● **TO DO**: Your task is to retype all of the records below with complete accuracy.
----- RECORDS SUPPLIED
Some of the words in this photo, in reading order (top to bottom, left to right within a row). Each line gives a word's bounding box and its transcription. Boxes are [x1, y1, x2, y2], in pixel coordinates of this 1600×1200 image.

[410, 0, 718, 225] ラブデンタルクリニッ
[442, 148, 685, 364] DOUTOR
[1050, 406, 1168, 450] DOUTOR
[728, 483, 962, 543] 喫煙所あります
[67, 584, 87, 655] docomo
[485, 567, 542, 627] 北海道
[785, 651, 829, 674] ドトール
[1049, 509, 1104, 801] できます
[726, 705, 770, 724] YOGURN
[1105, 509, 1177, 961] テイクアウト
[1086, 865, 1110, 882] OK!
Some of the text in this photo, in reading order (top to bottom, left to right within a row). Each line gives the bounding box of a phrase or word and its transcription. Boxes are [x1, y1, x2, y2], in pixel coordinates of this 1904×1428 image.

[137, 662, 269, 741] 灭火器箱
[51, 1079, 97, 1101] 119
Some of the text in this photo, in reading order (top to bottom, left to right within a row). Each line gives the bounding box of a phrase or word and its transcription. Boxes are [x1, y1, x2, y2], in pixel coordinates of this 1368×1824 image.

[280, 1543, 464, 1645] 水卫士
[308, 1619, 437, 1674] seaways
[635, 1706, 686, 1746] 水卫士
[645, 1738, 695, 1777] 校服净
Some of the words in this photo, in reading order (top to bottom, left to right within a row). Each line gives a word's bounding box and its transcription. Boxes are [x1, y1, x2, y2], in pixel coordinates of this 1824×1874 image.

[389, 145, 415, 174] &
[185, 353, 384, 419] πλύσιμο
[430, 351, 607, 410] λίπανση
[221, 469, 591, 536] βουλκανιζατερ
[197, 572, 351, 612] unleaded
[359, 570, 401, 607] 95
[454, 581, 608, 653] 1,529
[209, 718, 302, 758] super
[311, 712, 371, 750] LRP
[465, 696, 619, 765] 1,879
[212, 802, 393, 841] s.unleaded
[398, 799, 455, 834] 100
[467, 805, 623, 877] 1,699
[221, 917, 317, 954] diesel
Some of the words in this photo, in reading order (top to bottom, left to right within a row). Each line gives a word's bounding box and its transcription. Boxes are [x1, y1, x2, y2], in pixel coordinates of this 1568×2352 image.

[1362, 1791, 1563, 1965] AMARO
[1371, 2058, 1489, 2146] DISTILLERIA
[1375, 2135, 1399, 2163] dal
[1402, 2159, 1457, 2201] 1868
----------
● **ANSWER FOR THIS EXERCISE**:
Some of the words in this photo, in reading order (top to bottom, left to right within a row). Each line gives a word's bounding box and its transcription. Boxes are [x1, y1, x2, y2], in pixel coordinates of this 1600×1200 image.

[410, 0, 718, 225] ラブデンタルクリニッ
[442, 148, 685, 364] DOUTOR
[1050, 406, 1168, 450] DOUTOR
[728, 483, 962, 543] 喫煙所あります
[67, 584, 87, 655] docomo
[485, 567, 542, 627] 北海道
[785, 651, 829, 674] ドトール
[1049, 509, 1104, 801] できます
[726, 705, 770, 724] YOGURN
[1105, 509, 1177, 961] テイクアウト
[1086, 865, 1110, 882] OK!
Some of the text in this photo, in reading order (top to bottom, left to right within a row). Each line gives the bounding box of a phrase or word and its transcription. Boxes are [x1, y1, x2, y2], in pixel coordinates of this 1904×1428 image.

[137, 662, 269, 741] 灭火器箱
[51, 1079, 97, 1101] 119
Some of the text in this photo, in reading order (top to bottom, left to right within a row). Each line gives the bounding box of a phrase or word and its transcription. Boxes are [x1, y1, x2, y2], in pixel coordinates of this 1368×1824 image.

[280, 1543, 464, 1645] 水卫士
[308, 1619, 437, 1674] seaways
[635, 1706, 686, 1746] 水卫士
[645, 1738, 695, 1777] 校服净
Some of the words in this photo, in reading order (top to bottom, left to right within a row). Each line gives a word's bounding box and its transcription. Boxes are [x1, y1, x2, y2], in pixel coordinates of this 1824×1874 image.

[389, 145, 415, 174] &
[185, 353, 384, 419] πλύσιμο
[430, 351, 607, 410] λίπανση
[221, 469, 591, 536] βουλκανιζατερ
[197, 572, 351, 612] unleaded
[359, 570, 401, 607] 95
[454, 581, 608, 653] 1,529
[209, 718, 302, 758] super
[311, 712, 371, 750] LRP
[465, 696, 619, 765] 1,879
[212, 802, 393, 841] s.unleaded
[398, 799, 455, 834] 100
[467, 805, 623, 877] 1,699
[221, 917, 317, 954] diesel
Some of the words in this photo, in reading order (top to bottom, left to right within a row). Each line gives a word's bounding box and its transcription. Boxes are [x1, y1, x2, y2], in pixel coordinates of this 1568×2352 image.

[1362, 1791, 1563, 1965] AMARO
[1371, 2058, 1489, 2146] DISTILLERIA
[1375, 2135, 1399, 2163] dal
[1402, 2159, 1457, 2201] 1868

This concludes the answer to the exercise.